Mailing address: #0 Xxxxxxx Xxxxx Xxx, Xxxxxxx, Xxxxxxx, X0X0X0, Xxxxxx
Payee: Intercapital Global Fund, Ltd.
Mailing address: One High Street, St. Xxxx, Antigua
Place for Payment: 0000 Xxxxx Xxxxxx, Xxxxx #000, Xxxxxxxx Xxxxxx, X0X0X0,
Xxxxxx
Principal Amount: FOUR HUNDRED THOUSAND AND NO/100 ($400,000.00)
Annual Interest Rate on Unpaid Principal from Date: Nine Percent (9%)
Terms of Payment (principal and interest): In equal quarterly installments of
$24,910.02 each beginning on July 1, 2000 and continuing thereafter until paid.

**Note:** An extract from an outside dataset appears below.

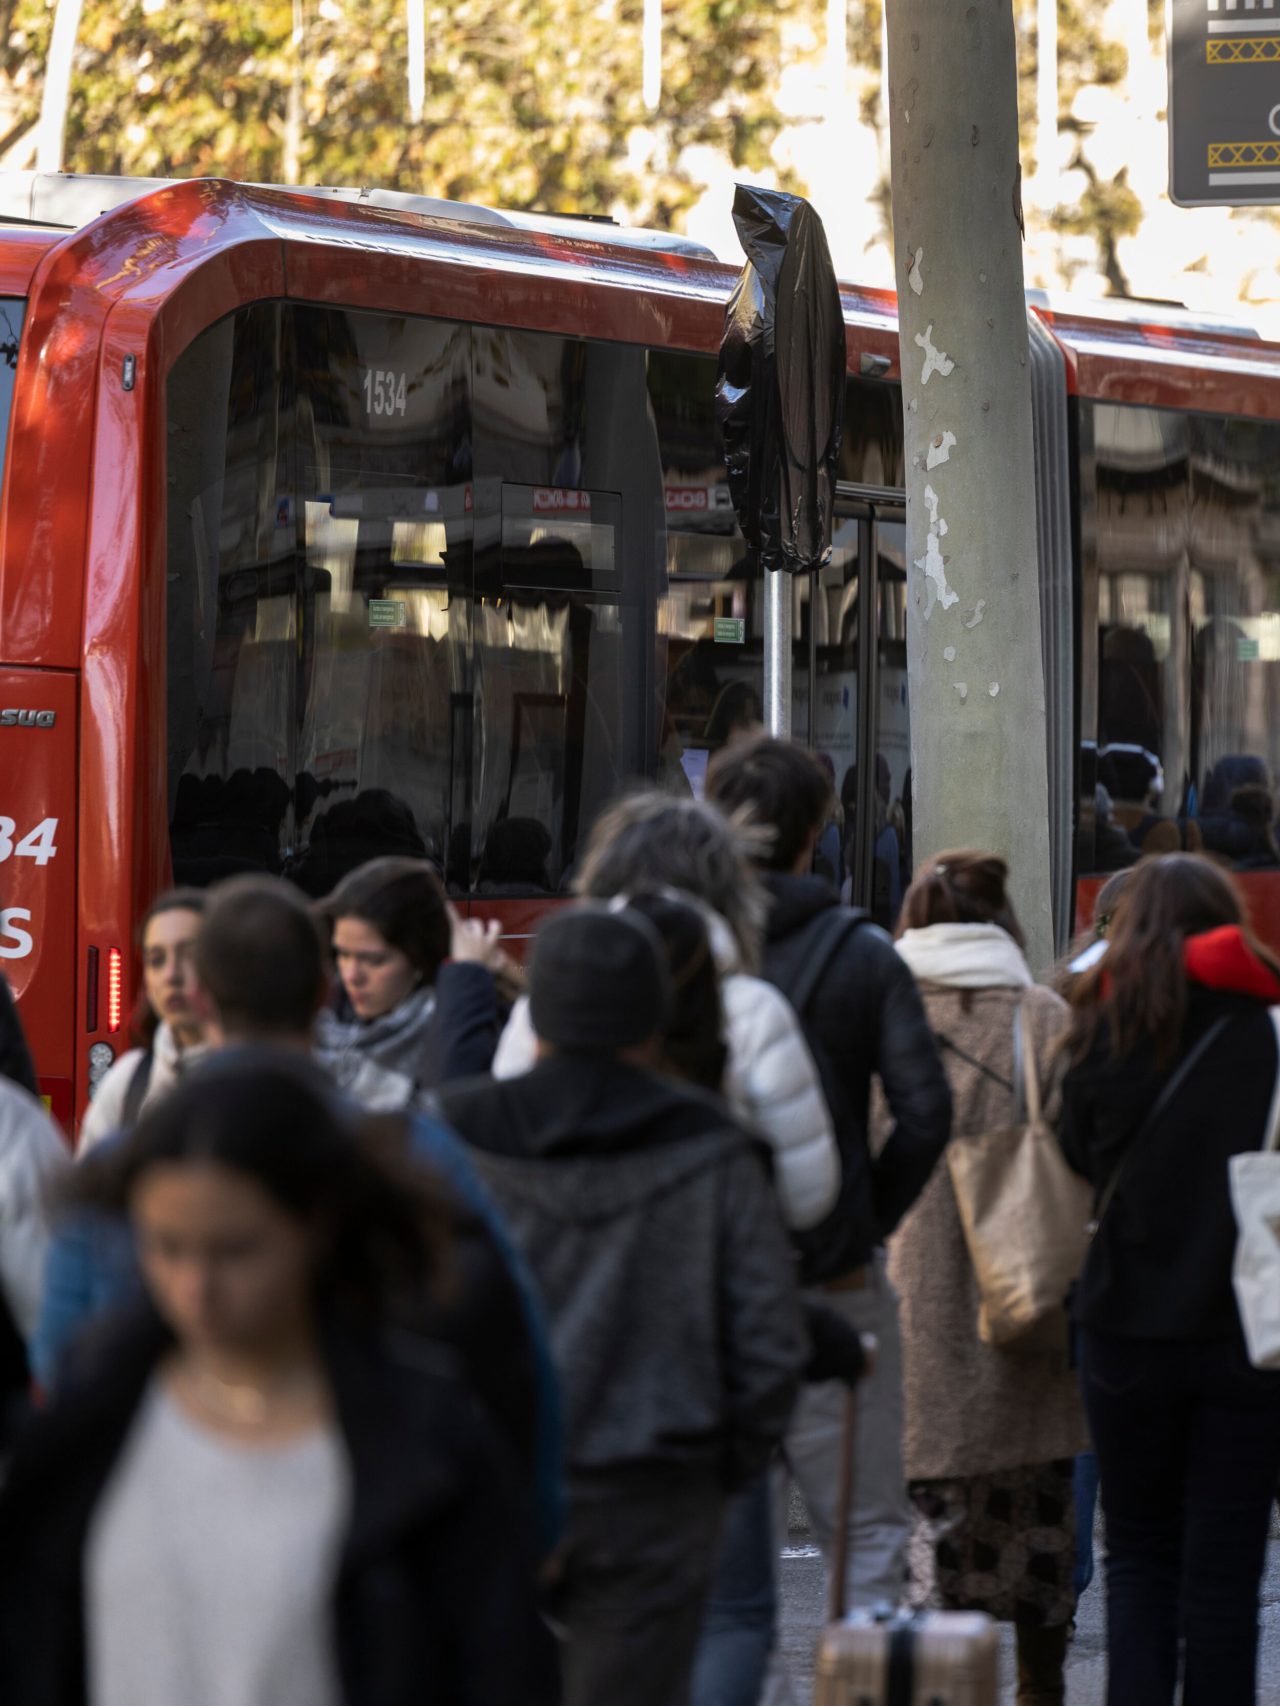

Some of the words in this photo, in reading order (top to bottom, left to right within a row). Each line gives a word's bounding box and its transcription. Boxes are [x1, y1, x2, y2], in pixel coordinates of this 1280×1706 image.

Maker promises to pay to the order of Payee at the place for payment and
according to the terms of payment the principal amount plus interest at the rate
stated above. All unpaid amounts shall be due by the final scheduled payment
date. This note may be prepaid, in whole or in part, at any time without
penalty.
If Maker defaults in the payment of this note, and the default continues
after Payee gives Maker notice of the default and the time within which it must
be cured, as may be required by law or by written agreement, then Payee may
declare the unpaid principal balance on this note immediately due. Maker waives
all demands for payment, presentations for payment, notices of intention to
accelerate maturity, notices of acceleration of maturity, protests, and notices
of protest, to the extent permitted by law.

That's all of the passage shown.